Début janvier 2011. Prison de Compiègne. Une petite salle de parpaings grisâtres, minable et froide.
Ce 7 janvier, Rozenn, jeune femme dynamique et talentueuse, est accompagnée de deux jeunes gens, un comédien, Cyrille Labbé et un musicien violoncelliste, Valentin Ceccaldi. Ils sont là pour offrir aux spectateurs un texte de Jules Verne, Frritt Flacc. En deux mots : Dans une ville sinistre, un docteur refuse de soigner les patients misérables. Il ne soigne que les riches. Une nuit, non moins sinistre que la ville, il est appelé au chevet d’un mourant. Comme il reçoit une forte somme pour exercer son métier, accompagné de son chien Hurzof, il se rend à l’adresse indiquée, dans la tempête. La route est sombre, inquiétante. Il se rendra compte qu’en réalité, il est l’agonisant et que c’est lui-même, cette fois, qui va mourir.

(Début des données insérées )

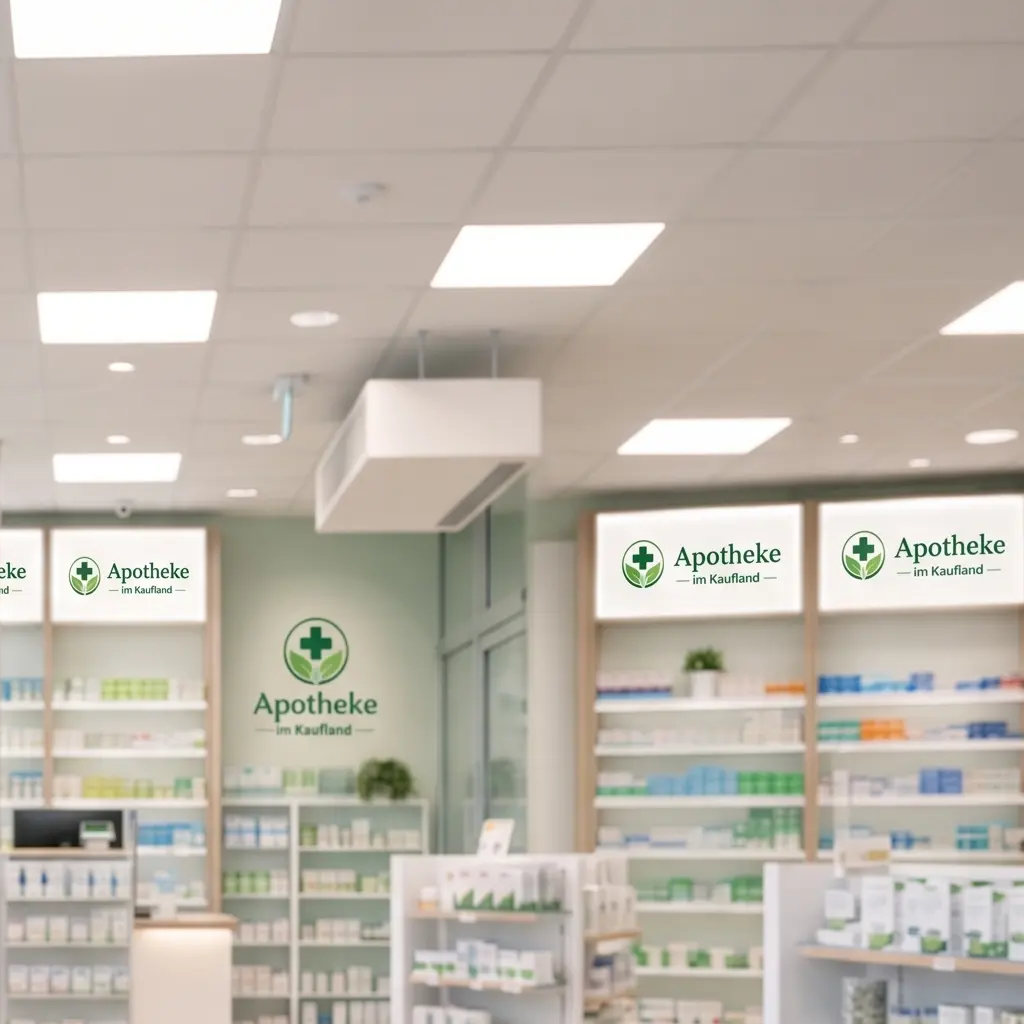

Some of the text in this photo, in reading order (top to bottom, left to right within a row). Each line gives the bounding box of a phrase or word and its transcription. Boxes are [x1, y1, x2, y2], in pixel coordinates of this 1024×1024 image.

Il y a donc du suspense, un climat, des résonances noires, une atmosphère de conte fantastique et, sans doute, une leçon de morale.
Le parti pris de Rozenn Biardeau consiste à utiliser les ressources de la lecture, du conte et, d’une certaine manière, de la pantomime.
La lecture est relative parce que si l’objet « livre » est bien là, la mémoire du texte est telle que les yeux peuvent se porter bien au-delà des pages, sur les publics, sur l’horizon, sur les objets ou personnages imaginaires.
Souvent, les lecteurs deviennent conteurs. Conteurs assis ou debout, dans peu d’espace. Chaque geste ou chaque action physique est une information précise sur les états d’âme, la peur, la perplexité, ou sur les lieux, les atmosphères, les intentions, c‘est pourquoi l’on peut parler de pantomime.
La musique est une scénographie sonore efficace. Le musicien s’amuse et il maîtrise son instrument.
Il s’agit d’une lecture en jeu et d’une mise en jeu de l’acte de lire. Un livre vivant. Les spectateurs sont entrés rapidement dans ce Jeu. Si l’un d’entre eux a eu plus de peine à le jouer ce jeu, Rozenn a su, à l’intérieur même de sa proposition, lui donner les moyens de revenir dans le partage commun.

A la suite du spectacle, un court débat a révélé à quel point tel ou tel spectateur a pu éprouver en lui-même les significations probables ou possibles de cet étrange récit. Il y eut même un monsieur plein d’humour pour affirmer que ce méchant médecin immoral lui faisait beaucoup penser à un avocat de sa connaissance. « D’accord avec Jules Verne, a-t-il dit, en substance, mais moi j’aurais remplacé le médecin par un avocat .» Il y eut aussi ceux qui, sensibles aux propos de l’auteur, remarquèrent néanmoins le caractère, à leurs yeux, désuet, de l’écriture, du style.
Rozenn et sa petite équipe ont su répondre avec tact et subtilité mais sans complaisances d’aucune sorte aux réactions du public. Il y eut, pour finir, un échange de remerciements dont l’émotion n’était pas absente.
Ce spectacle original mérite d’être diffusé en tous lieux et pas seulement en milieu carcéral. Il donne envie de lire ou de relire Jules Verne. Il est sobre, économe. Il a la simplicité et la puissance des « tendres preuves du printemps et des oiseaux mal habillés. »
Cette jeune compagnie aurait donné plaisir et joie à René Char lui-même. Ne serait-ce qu’en souvenir des chemins inattendus de la résistance.